Он сделал несколько шагов вперед, затем лег и высунул голову за край, ожидая увидеть внизу землю. Он подозревал, что находится на краю очень высокого обрыва, может, в несколько верст высотой.
Но там не было ничего. Пустота. Синяя бездна, не похожая даже на море. Зато там тоже были облака или что-то очень их напоминающее. Длинными колоннами они плыли мимо, и видно было, как ветер меняет их форму, точно гончар, который никак не может решить, каким должен быть сосуд.
– Что ты там увидел? – раздался от Двери голос
Йофрид.
– Ничего. – Харальд отодвинулся от обрыва и сел. – Совсем ничего…
Он увидел недоумение на лице девушки.
– Ты шутишь? – поинтересовалась она.
– Там нет земли, – ответил Харальд, поднимаясь, – и воды нет. Только пустота.
Дверь дернулась, словно полог ткани, который резко тряхнули, и выплюнула последнего из путешественников. Лицо его было ошеломленным, а в руке он держал обгорелую деревяшку, оставшуюся от факела.
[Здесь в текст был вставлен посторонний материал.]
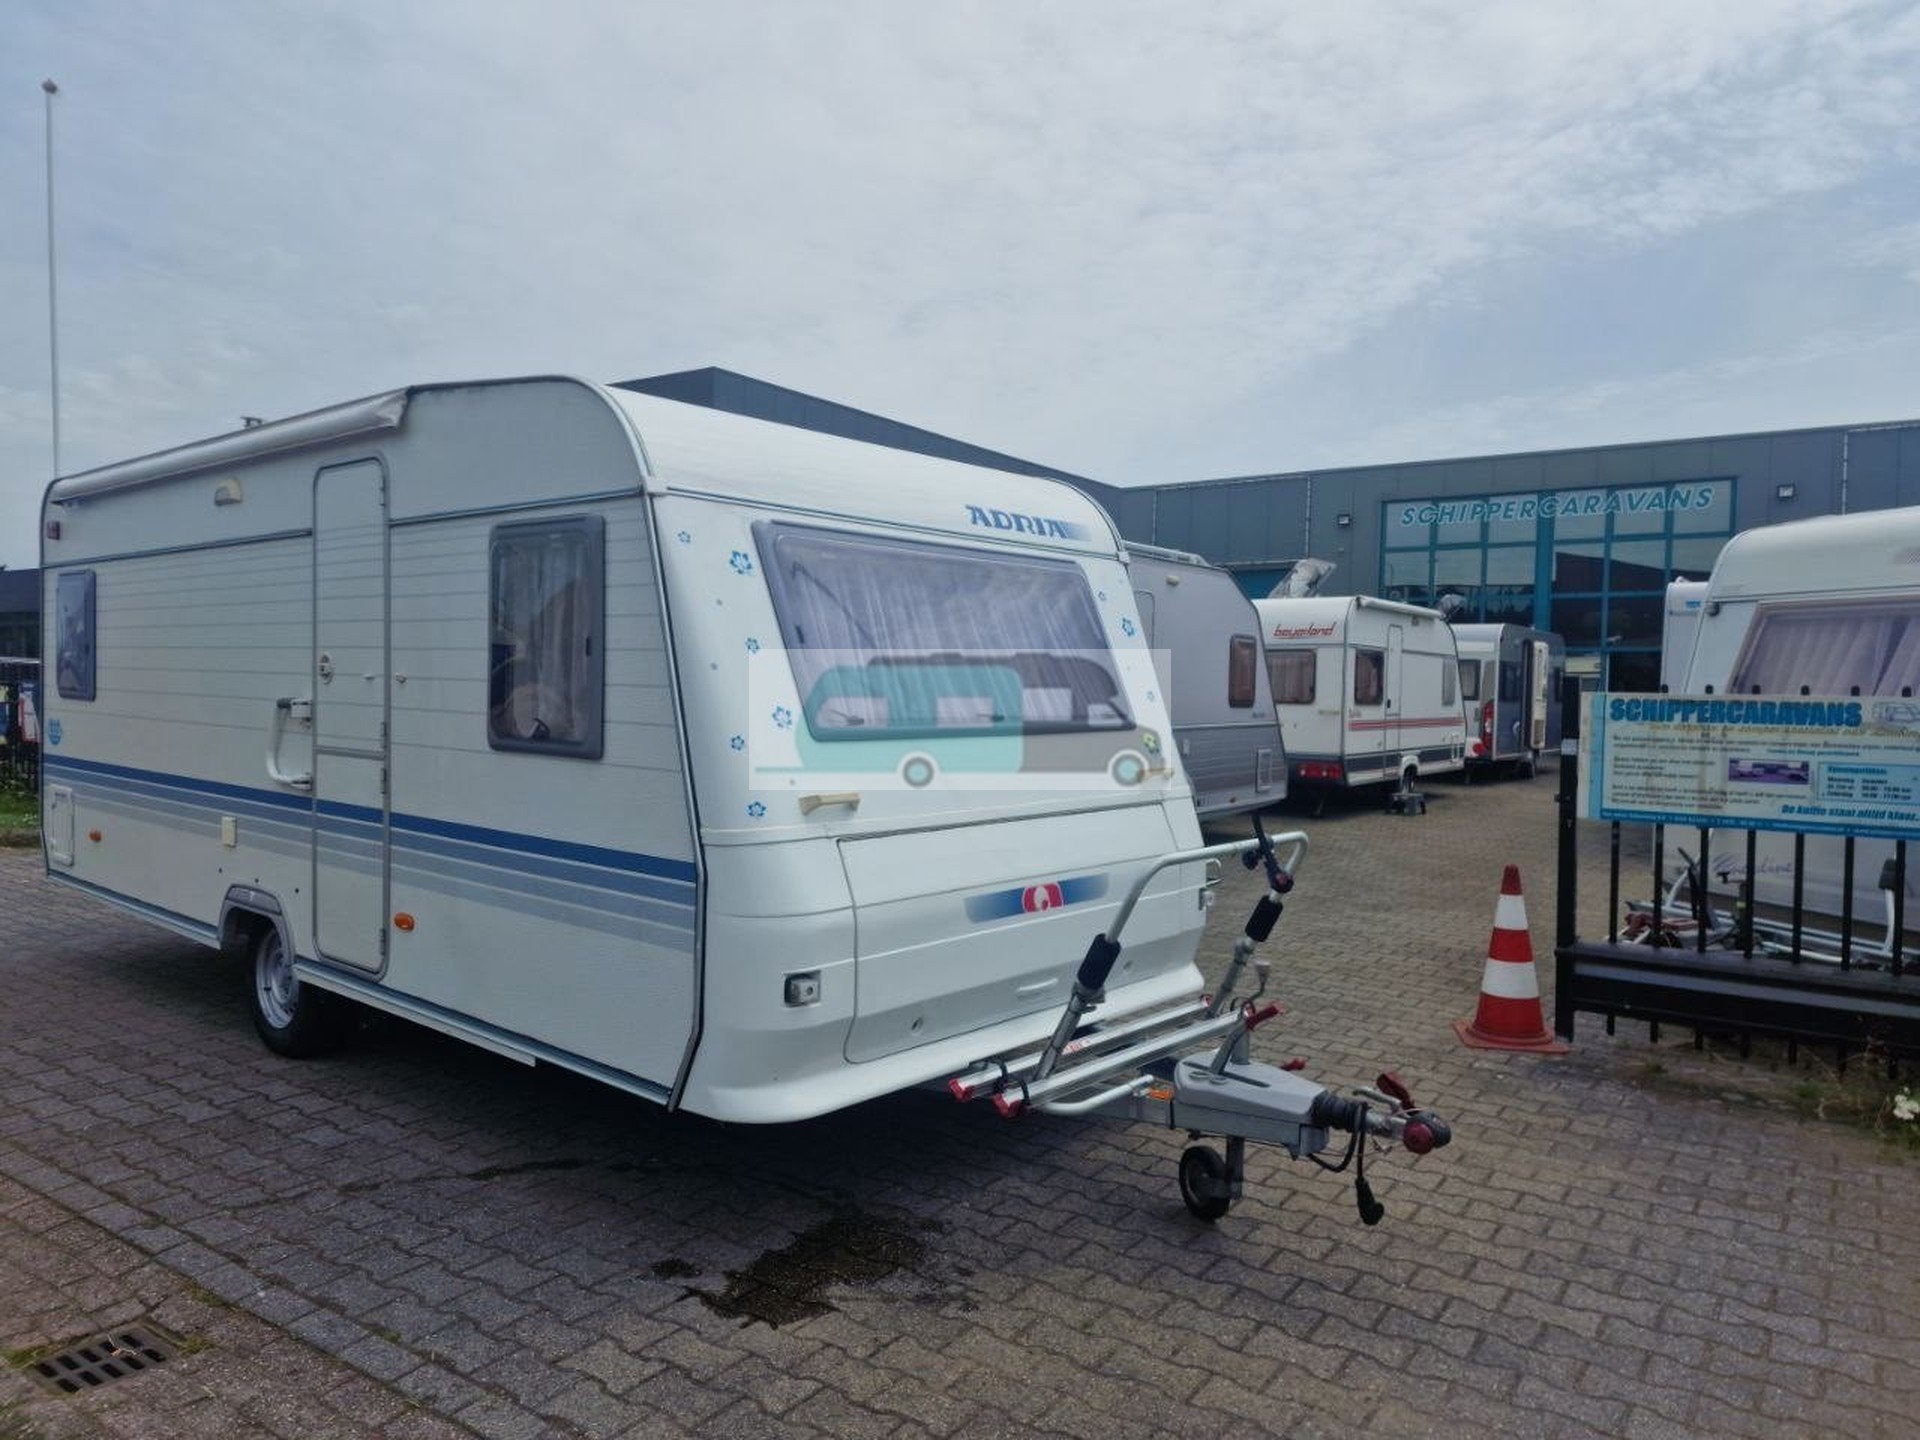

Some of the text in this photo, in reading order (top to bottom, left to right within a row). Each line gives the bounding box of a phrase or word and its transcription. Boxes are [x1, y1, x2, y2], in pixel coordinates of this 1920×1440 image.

[966, 504, 1068, 539] ADRIA
[1401, 486, 1715, 525] SCHIPPERCARAVANS
[1610, 698, 1863, 727] SCHIPPERCARAVANS
Лучащийся серебром проход за его спиной стал гаснуть, пока не пропал совсем.
Тем временем Йофрид подобралась к краю бездны и глянула вниз. Харальд не видел ее лица, но по тому, как напряглась спина, можно было догадаться, какие чувства овладели девушкой.
– Действительно, ничего, – растерянно пробормотала она, оборачиваясь. – Как же так? Так не может быть!
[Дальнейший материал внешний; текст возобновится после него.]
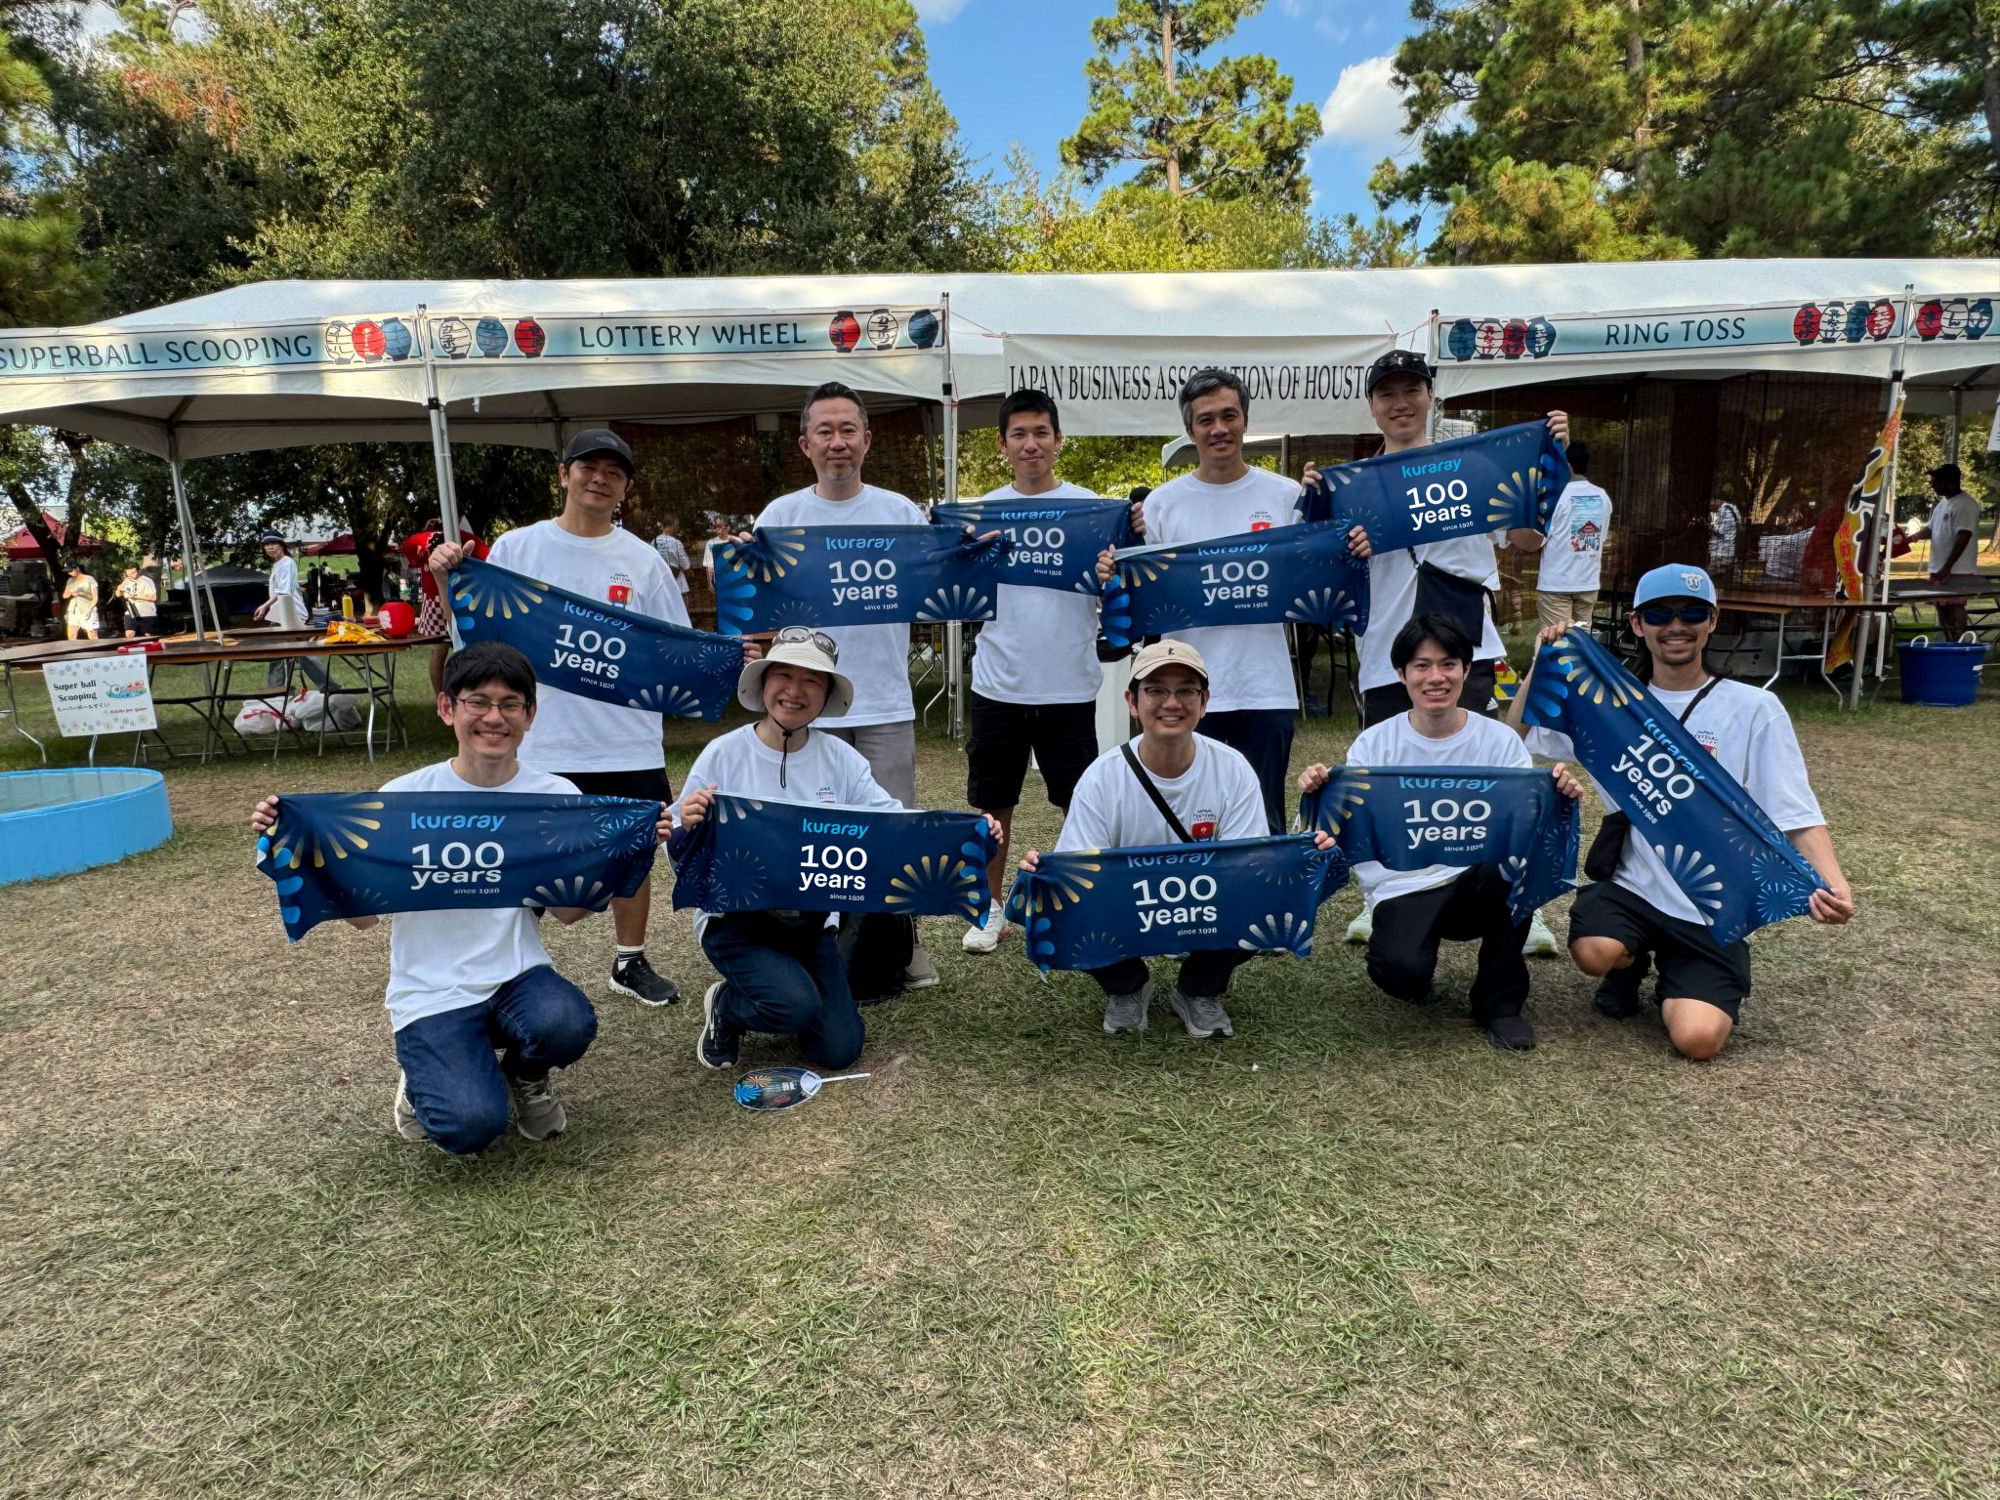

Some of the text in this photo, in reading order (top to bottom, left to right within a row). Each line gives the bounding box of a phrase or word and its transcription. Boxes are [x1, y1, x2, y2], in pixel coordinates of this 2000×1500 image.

[579, 324, 701, 348] LOTTERY
[711, 322, 807, 345] WHEEL
[1604, 317, 1746, 346] RING TOSS
[0, 342, 158, 371] SUPERBALL
[165, 335, 312, 363] SCOOPING
[1009, 364, 1064, 401] JAPAN
[1068, 365, 1151, 401] BUSINESS
[1278, 365, 1301, 401] OF
[1401, 457, 1462, 479] kuraray
[1406, 479, 1468, 509] 100
[1000, 510, 1066, 521] kuraray
[1411, 502, 1472, 531] years
[1442, 523, 1458, 532] since
[825, 536, 896, 551] kuraray
[1004, 527, 1065, 549] 100
[1007, 549, 1064, 568] years
[828, 559, 897, 584] 100
[1200, 560, 1270, 586] 100
[832, 583, 898, 607] years
[1203, 583, 1269, 607] years
[564, 600, 634, 631] kuraray
[555, 624, 627, 660] 100
[550, 648, 620, 679] years
[53, 680, 97, 691] Super ball
[580, 676, 598, 686] since
[58, 692, 98, 702] Scooping
[1643, 717, 1707, 781] kuraray
[1627, 733, 1695, 800] 100
[1399, 776, 1498, 793] kuraray
[1610, 753, 1673, 816] years
[410, 812, 506, 832] kuraray
[1403, 799, 1491, 823] 100
[802, 818, 869, 839] kuraray
[1407, 825, 1487, 850] years
[411, 841, 505, 869] 100
[800, 843, 868, 871] 100
[1127, 851, 1216, 868] kuraray
[410, 869, 502, 891] years
[798, 871, 866, 891] years
[1132, 874, 1217, 906] 100
[1137, 905, 1217, 932] years
Она посмотрела на Младшего, лицо того было невозмутимым. Так же спокойно он смотрел, как уже
Харальд подходит к самому обрыву, пытаясь понять, куда их забросила Дверь.
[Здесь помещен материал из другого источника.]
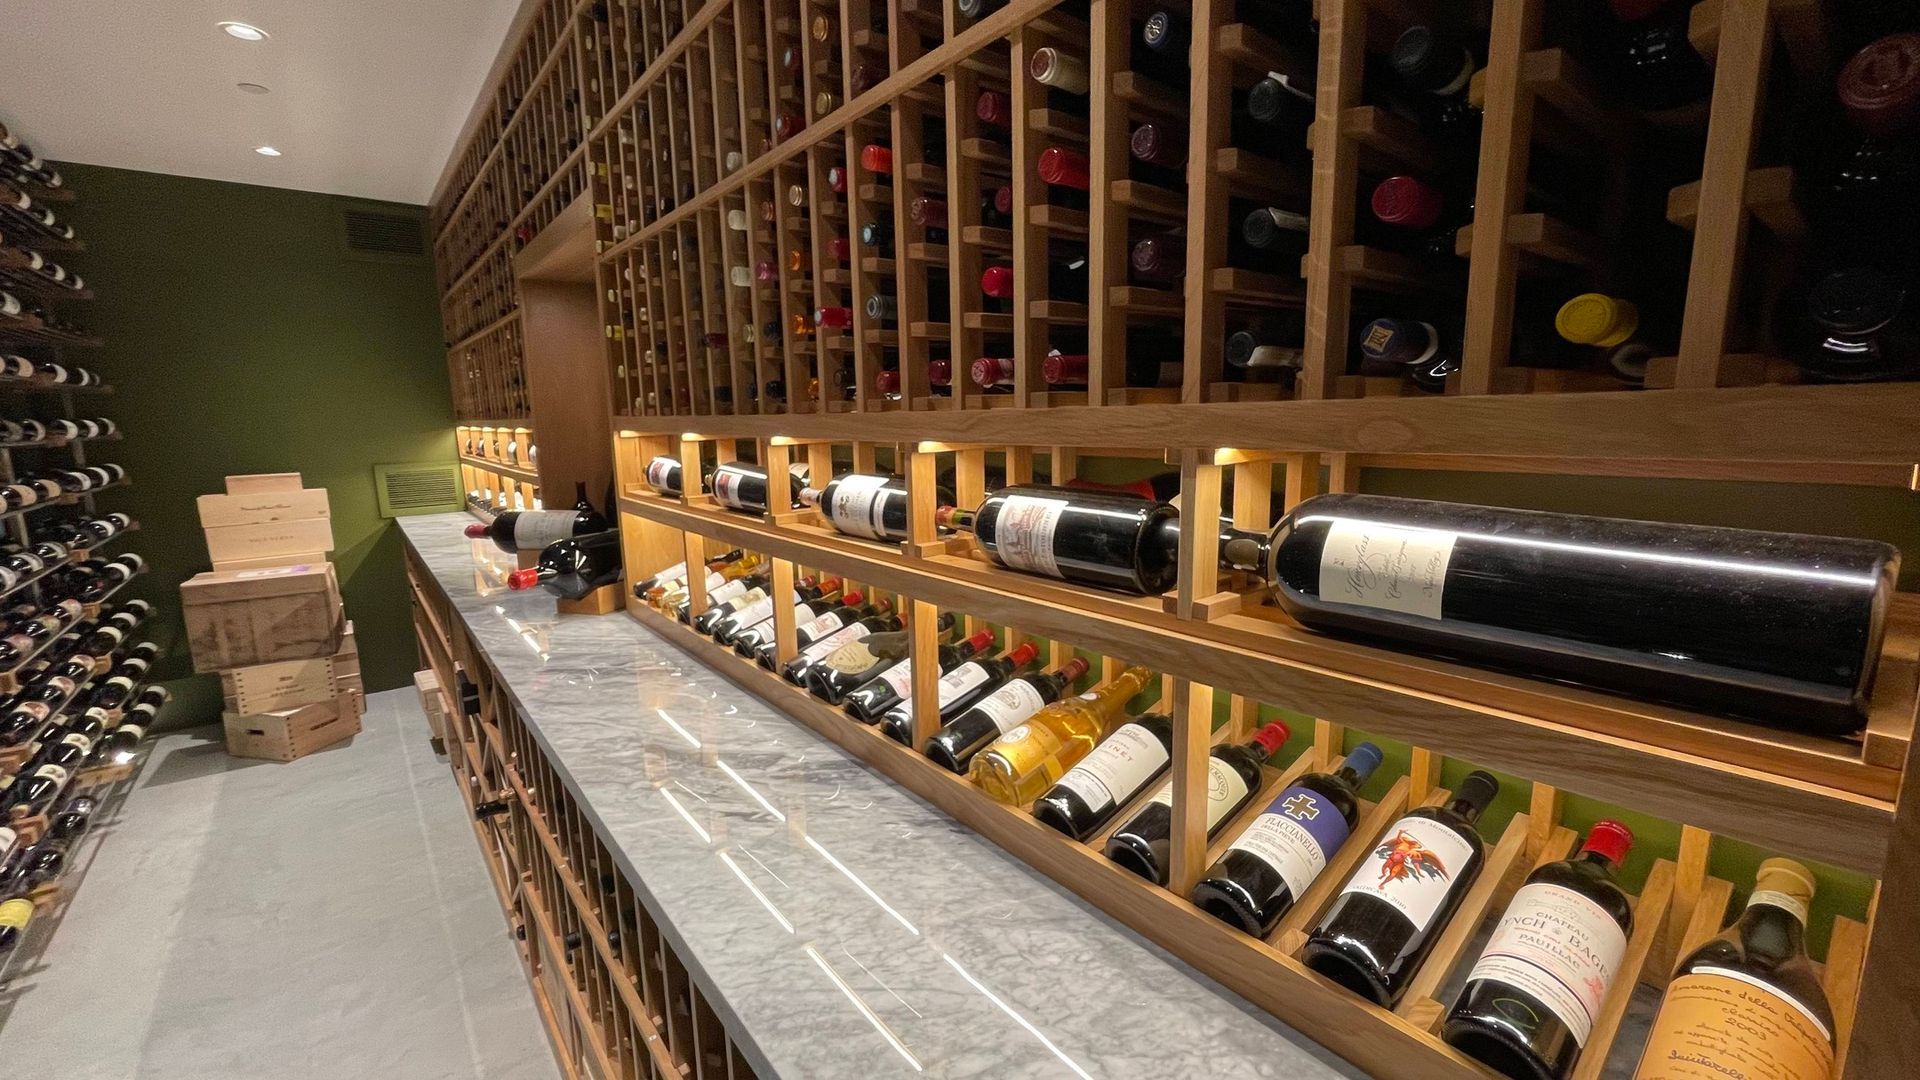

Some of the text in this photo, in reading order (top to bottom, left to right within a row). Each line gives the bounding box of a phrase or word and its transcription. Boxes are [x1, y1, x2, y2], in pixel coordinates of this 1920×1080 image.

– Ну и ну! – сказал он. – Где мы?
– Вот уж не знаю, – пожал плечами Младший. – Пойдем осмотримся…
Обогнув скалу, они оказались в роще. Деревья тут были такие же, как на обрыве, только повыше, между темных, словно обмазанных смолой, стволов ощущался сильный аромат свежей листвы. Шуршала под ногами короткая трава, а между ветвей порхали птицы, разукрашенные в самые разные цвета – от алого до темно-синего.
Наземных животных им не встретилось, да и роща оказалась маленькой – полсотни саженей. Пройдя ее, они вышли к небольшому озерцу с чистой голубой водой, окруженному невысокими травянистыми холмами.
А за ними мир заканчивался. Вновь обрыв и равнодушная холодная пропасть с висящими в ней сонмами облаков. С этой стороны виднелось солнце – белесое и неяркое, оно почти не давало тепла и выглядело точно глаз, закрытый бельмом.
Ветер казался дыханием бездны. Он уныло свистел вокруг, выводя скучную однообразную мелодию.